What you are asked to do: Keep every word of the listing and drop the images when you write it out.

The data:

╭──

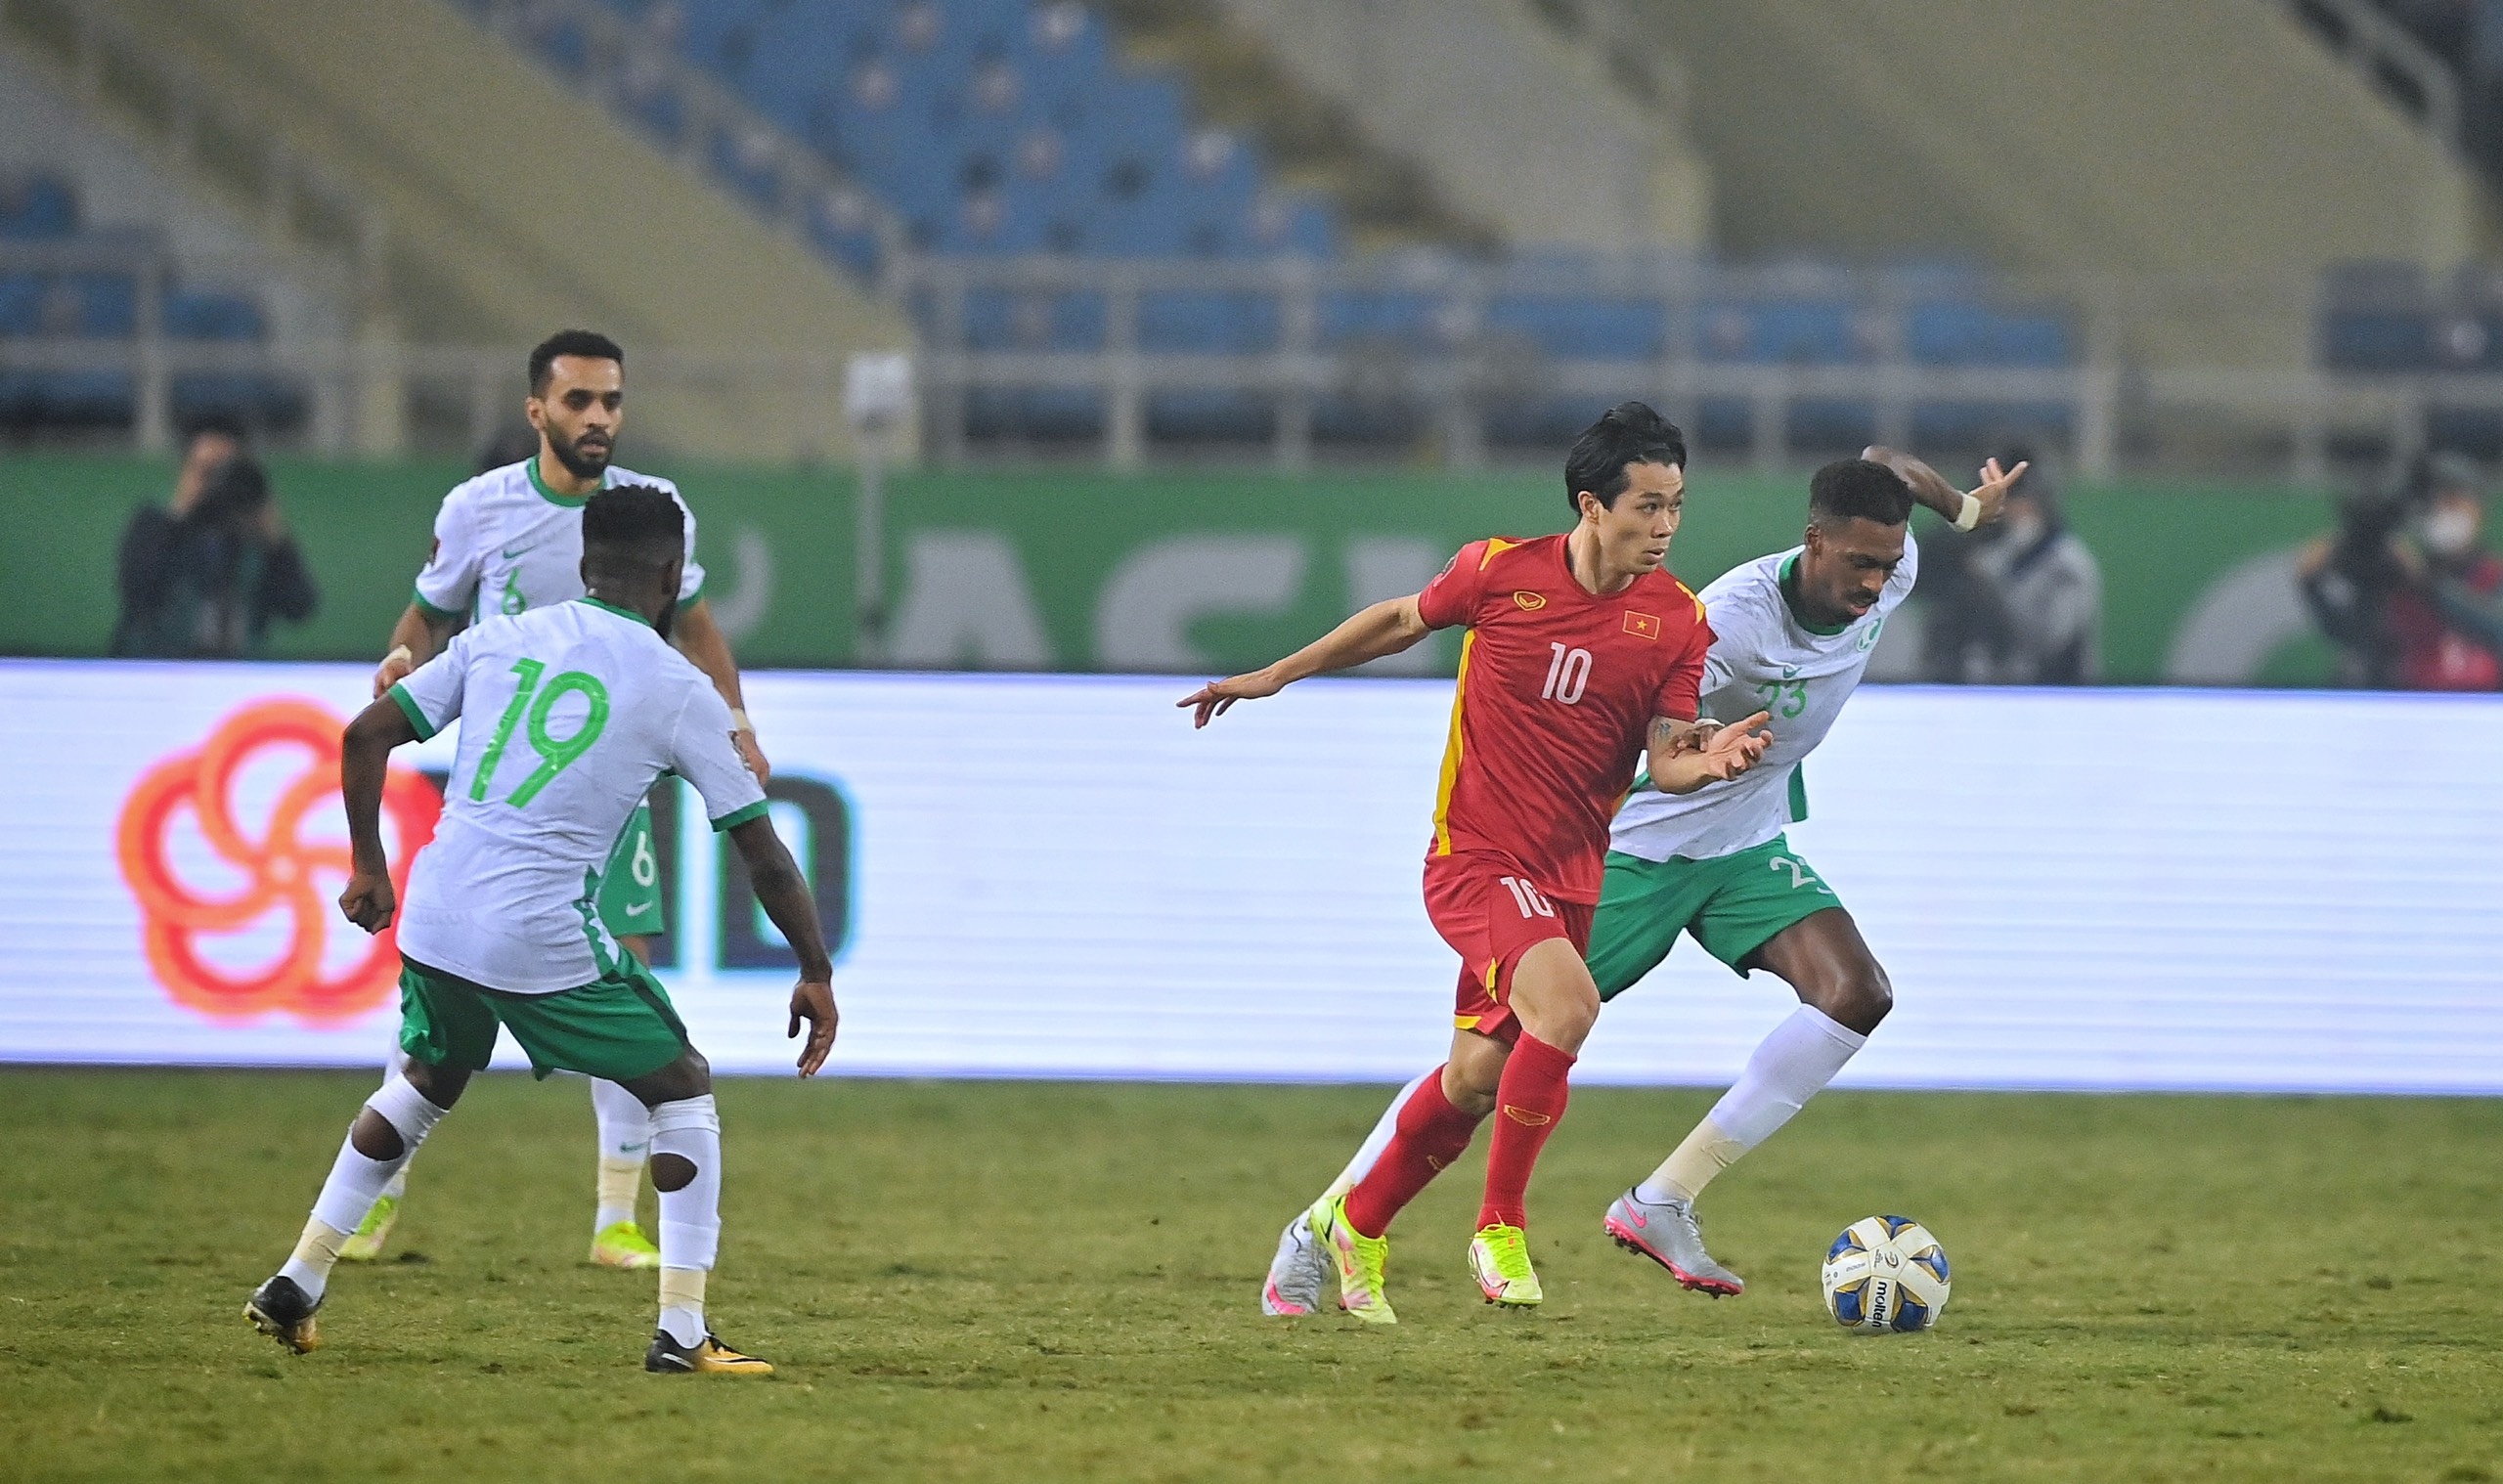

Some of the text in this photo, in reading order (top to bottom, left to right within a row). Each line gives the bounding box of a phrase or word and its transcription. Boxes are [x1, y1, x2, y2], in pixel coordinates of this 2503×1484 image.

[502, 567, 528, 615] 6
[1542, 641, 1593, 705] 10
[469, 657, 611, 809] 19
[632, 830, 655, 888] 6
[1769, 855, 1817, 890] 2
[1871, 1281, 1888, 1329] molten
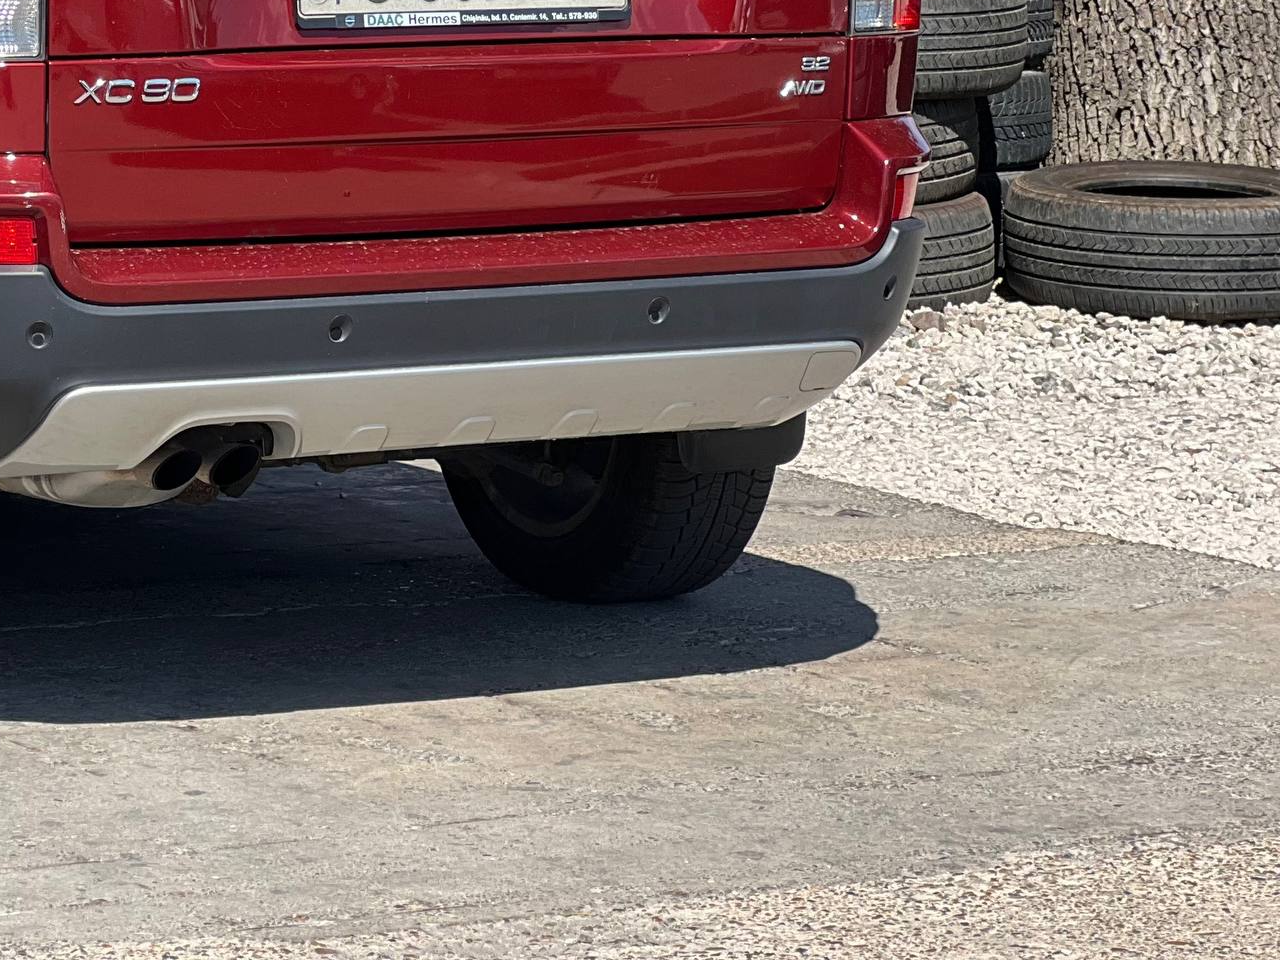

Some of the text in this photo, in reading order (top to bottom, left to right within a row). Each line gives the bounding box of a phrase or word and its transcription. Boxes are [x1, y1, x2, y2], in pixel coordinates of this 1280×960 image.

╰──

Task response:
Some of the text in this photo, in reading order (top to bottom, left to right within a row). Each line gives the bounding box of a phrase or word and its transcription. Boxes are [x1, y1, x2, y2], in pixel coordinates of this 2503×1484 image.

[502, 567, 528, 615] 6
[1542, 641, 1593, 705] 10
[469, 657, 611, 809] 19
[632, 830, 655, 888] 6
[1769, 855, 1817, 890] 2
[1871, 1281, 1888, 1329] molten

Some of the text in this photo, in reading order (top to bottom, left to right within a row). Each line gives the bounding box of a phrase or word and its transcription. Boxes are [x1, y1, x2, y2], in pixel coordinates of this 1280×960 image.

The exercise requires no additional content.